Figure 5.

Examples of functional equivalence classes within the process of tRNA synthesis and activation from the bacterial operating system. (a) In Escherichia coli, the endogenous type A RNase P RNA can be substituted by a type B RNase P RNA [25]. It can also be substituted by PROP1, a proteinaceous RNase P from plant mitochondria (Arabidopsis thaliana) [24]. (b) (i) Lysyl-tRNA synthetases (LysRS) have been found in different organisms and are categorized as either class I or class II. Substituting a class II bacterial LysRS by a class I archaeal LysRS still allows the bacteria to operate the COS [22]. (ii) The direct pathway of amino acylation of glutaminyl tRNA found in E. coli can potentially be substituted by an indirect pathway involving first mischarging of tRNA^gln with Glu by glutamyl-tRNA synthetase (GluRS) to form glutamyl tRNA^Gln.

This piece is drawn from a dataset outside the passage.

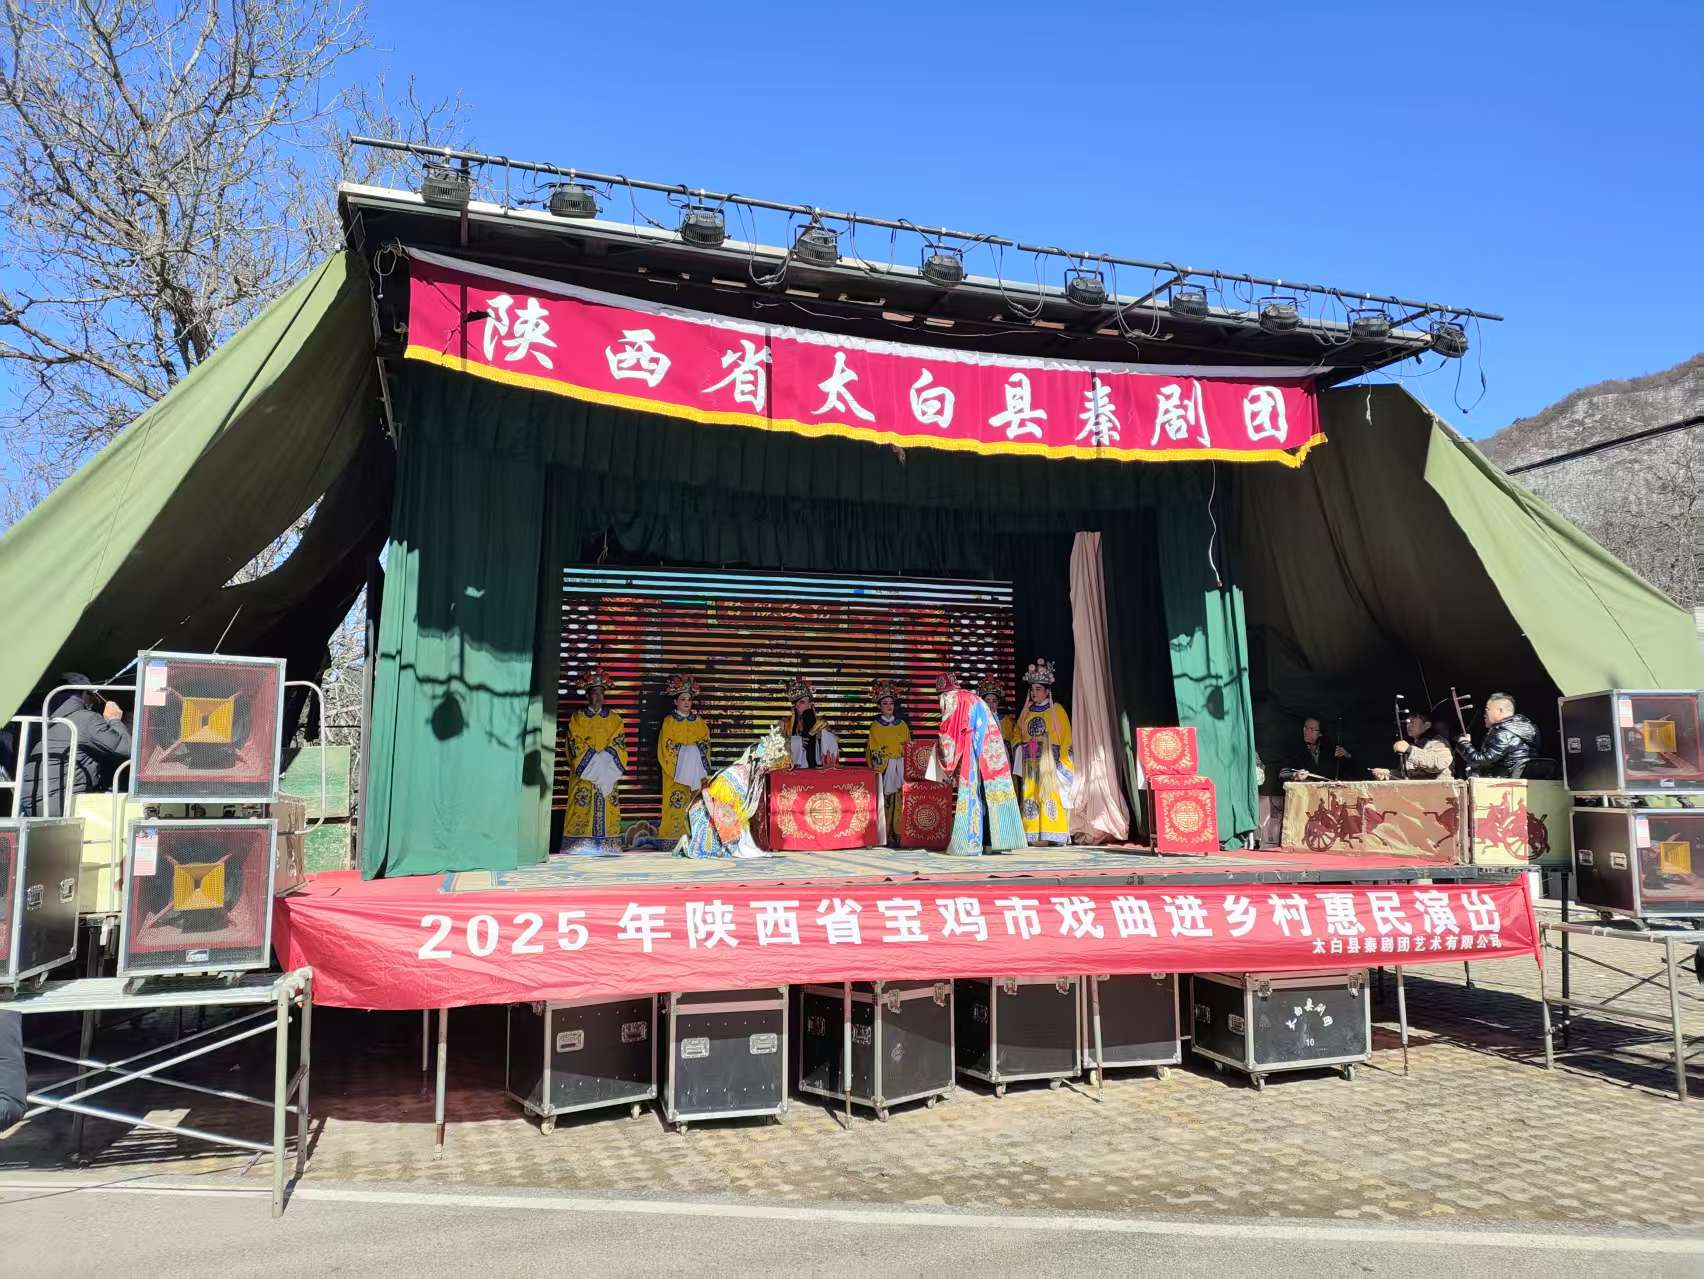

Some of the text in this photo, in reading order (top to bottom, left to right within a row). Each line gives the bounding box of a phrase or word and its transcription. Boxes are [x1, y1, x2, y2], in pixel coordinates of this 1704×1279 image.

Then, glutamyl tRNA^Gln is converted into glutaminyl tRNA^gln by Glu-tRNA^Gln amidotransferase (Glu-AdT) [23]. (c) The process of maturation of 5′-leader pre-tRNA by RNase P does not exist anymore in Nanoarchaeum equitans. Instead, the tRNA genes code for tRNA precursors without 5′ leader because transcription starts now at the level of the mature 5′ end [57]. With respect to mature tRNAs production for translation, the Nanoarchaeum process is expected to be equivalent to the RNase P-dependent one. However, this remains to be tested in vivo. Colour code for reaction processes is the same as in figure 1c.